Die Wandmalereien von St. Quirin in Staudheim – mittelalterliche Predigt in Farbe

Im Chorraum der Staudheimer Pfarrkirche befindet sich ein Freskenzyklus, entstanden im ersten Viertel des 15. Jahrhunderts.

Versetzen wir uns zurück in die Zeit vor rund 600 Jahren. Die Geschichtsschreibung berichtet von Naturkatastrophen und zahlreichen Kriegen, die auch Staudheim erfasst haben. 1348 gab es ein schweres Erdbeben, anschließend wütete die Pest in Bayern. Von 1380 bis 1388 wird von der Brandschatzung der Stadt Rain durch die Reichsstadt Augsburg berichtet. 1421 lagerte Herzog Heinrich vor Rain und “verheerte alles umher bis Neuburg mit Feuer“. Staudheim, direkt an der Verbindungsstraße gelegen, dürfte dabei wohl am wenigsten verschont geblieben sein. Nachvollziehbar erscheint, dass in dieser Zeit in Rain die Stadtbefestigung verbessert und das Schloß erbaut wurde. Gleichzeit wurden aber an vielen Orten Kirchen erbaut, so auch in Staudheim.

Merkmale mittelalterlicher Wandmalerei

Die Zeit war geprägt von einem tiefgreifenden Unterschied zwischen den Bildern von Not und Armut einerseits und einem fruchtbaren Schaffen im Bereich der Kunst im Auftrag der Verbreitung des Christentums andererseits. Kunst lieferte wohl eher einen Ausgleich auf die Unzulänglichkeiten einer Zeit, als daß sie deren Abbild war.
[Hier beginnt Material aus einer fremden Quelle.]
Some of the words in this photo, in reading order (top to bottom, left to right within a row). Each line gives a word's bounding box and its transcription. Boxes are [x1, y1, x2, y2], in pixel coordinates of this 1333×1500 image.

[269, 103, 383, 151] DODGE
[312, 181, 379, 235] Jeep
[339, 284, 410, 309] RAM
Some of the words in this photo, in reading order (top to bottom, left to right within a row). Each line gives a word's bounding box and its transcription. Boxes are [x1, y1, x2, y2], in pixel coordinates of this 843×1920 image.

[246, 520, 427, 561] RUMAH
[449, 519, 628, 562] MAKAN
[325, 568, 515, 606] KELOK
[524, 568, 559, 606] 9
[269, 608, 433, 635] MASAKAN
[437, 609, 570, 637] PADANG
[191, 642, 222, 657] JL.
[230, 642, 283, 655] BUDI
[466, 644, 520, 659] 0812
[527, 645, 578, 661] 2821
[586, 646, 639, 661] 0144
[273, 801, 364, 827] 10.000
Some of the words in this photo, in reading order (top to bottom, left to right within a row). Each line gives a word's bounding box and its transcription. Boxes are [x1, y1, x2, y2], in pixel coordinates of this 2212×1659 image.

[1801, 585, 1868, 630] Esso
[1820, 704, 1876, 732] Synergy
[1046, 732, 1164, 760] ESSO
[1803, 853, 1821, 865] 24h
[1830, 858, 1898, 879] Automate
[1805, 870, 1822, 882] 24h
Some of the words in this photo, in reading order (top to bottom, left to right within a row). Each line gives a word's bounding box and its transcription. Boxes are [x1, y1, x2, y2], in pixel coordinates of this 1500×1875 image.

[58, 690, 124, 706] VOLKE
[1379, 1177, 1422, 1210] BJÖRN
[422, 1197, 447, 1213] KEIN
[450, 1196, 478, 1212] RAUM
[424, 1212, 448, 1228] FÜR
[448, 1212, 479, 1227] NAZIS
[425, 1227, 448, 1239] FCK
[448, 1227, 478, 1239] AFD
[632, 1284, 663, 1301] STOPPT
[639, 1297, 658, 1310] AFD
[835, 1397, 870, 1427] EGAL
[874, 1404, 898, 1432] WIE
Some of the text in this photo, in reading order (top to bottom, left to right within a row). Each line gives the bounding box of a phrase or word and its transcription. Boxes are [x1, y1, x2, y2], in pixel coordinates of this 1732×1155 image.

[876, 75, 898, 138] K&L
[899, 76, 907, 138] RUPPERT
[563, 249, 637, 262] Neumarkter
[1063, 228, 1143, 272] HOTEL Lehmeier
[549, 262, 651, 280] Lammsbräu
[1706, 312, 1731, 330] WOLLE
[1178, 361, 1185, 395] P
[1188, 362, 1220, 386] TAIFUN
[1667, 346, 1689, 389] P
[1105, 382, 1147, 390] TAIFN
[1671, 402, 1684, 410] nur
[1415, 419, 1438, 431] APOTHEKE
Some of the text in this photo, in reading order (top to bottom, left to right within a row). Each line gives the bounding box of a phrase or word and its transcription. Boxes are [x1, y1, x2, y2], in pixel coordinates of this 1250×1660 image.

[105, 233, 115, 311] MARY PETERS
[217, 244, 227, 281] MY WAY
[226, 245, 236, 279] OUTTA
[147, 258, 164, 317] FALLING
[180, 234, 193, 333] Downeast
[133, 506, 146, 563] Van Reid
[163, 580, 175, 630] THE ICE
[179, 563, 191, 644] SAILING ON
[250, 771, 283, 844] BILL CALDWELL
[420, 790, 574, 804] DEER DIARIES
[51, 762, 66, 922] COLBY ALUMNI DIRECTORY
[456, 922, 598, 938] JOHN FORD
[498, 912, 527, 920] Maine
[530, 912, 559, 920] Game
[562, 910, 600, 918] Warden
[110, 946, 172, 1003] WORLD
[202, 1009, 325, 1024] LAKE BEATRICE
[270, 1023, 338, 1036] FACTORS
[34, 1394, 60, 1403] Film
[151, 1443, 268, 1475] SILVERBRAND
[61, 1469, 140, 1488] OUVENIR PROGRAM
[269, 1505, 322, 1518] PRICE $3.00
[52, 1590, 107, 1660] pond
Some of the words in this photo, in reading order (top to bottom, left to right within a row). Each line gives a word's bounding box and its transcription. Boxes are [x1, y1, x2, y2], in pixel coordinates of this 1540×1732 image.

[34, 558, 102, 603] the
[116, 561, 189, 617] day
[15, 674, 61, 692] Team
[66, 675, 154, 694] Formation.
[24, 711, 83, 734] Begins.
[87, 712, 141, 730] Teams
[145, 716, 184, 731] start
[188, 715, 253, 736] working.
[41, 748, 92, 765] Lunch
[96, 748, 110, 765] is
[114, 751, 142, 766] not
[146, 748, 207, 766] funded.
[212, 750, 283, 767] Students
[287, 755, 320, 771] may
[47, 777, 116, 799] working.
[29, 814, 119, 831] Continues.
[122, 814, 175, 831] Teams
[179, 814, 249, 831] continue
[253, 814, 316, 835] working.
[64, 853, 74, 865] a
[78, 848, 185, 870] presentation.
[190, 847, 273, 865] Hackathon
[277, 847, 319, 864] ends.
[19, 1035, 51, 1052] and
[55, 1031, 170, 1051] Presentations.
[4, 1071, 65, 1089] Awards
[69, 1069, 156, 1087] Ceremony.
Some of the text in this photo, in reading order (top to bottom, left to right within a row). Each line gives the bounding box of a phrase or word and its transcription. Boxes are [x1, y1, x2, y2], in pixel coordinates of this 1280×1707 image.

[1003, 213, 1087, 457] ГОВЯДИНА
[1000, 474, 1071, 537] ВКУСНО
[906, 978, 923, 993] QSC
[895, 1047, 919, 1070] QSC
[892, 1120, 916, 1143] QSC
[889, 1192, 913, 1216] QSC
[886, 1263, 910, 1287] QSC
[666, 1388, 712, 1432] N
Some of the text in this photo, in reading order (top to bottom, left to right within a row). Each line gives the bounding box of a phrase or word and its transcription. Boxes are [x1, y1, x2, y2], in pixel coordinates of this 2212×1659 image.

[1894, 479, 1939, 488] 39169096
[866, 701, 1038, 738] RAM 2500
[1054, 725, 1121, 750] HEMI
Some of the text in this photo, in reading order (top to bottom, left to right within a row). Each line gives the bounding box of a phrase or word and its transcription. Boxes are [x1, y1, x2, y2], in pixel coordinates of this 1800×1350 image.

Im Mittelalter war die Verbreitung des christlichen Glaubens vorwiegend auf die bildliche Darstellung fixiert. Lesen und Schreiben war nur wenigen vorbehalten. Es war also vorrangiges Ziel der darstellenden Künste, die Wahrheit des christlichen Glaubens, so wie sie in der Bibel niedergeschrieben ist, einprägsam zu verbildlichen. Die kirchliche Weltanschauung mußte dabei auf anderem Wege, als auf dem des geschriebenen Wortes den Menschen vor Augen geführt werden. Durch Bildbetrachtung konnte Religion volkstümlich werden, war nicht mehr nur Privileg der Geistlichen, erfuhr Verbreitung.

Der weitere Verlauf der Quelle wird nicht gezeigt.